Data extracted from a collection

####

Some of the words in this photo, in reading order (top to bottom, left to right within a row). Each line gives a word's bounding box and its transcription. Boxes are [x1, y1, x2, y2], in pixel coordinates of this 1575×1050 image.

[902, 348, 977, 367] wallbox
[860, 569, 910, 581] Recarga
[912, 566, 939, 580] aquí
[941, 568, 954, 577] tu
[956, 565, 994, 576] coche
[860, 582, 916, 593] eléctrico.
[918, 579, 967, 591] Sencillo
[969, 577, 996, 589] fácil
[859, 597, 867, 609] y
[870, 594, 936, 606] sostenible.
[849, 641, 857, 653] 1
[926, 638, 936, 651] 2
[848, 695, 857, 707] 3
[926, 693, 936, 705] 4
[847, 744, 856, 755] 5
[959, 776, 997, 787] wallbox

####

◆ **Problem details**
Would you return all of the data exactly as given?

◆ **Result below**
Some of the words in this photo, in reading order (top to bottom, left to right within a row). Each line gives a word's bounding box and its transcription. Boxes are [x1, y1, x2, y2], in pixel coordinates of this 1575×1050 image.

[902, 348, 977, 367] wallbox
[860, 569, 910, 581] Recarga
[912, 566, 939, 580] aquí
[941, 568, 954, 577] tu
[956, 565, 994, 576] coche
[860, 582, 916, 593] eléctrico.
[918, 579, 967, 591] Sencillo
[969, 577, 996, 589] fácil
[859, 597, 867, 609] y
[870, 594, 936, 606] sostenible.
[849, 641, 857, 653] 1
[926, 638, 936, 651] 2
[848, 695, 857, 707] 3
[926, 693, 936, 705] 4
[847, 744, 856, 755] 5
[959, 776, 997, 787] wallbox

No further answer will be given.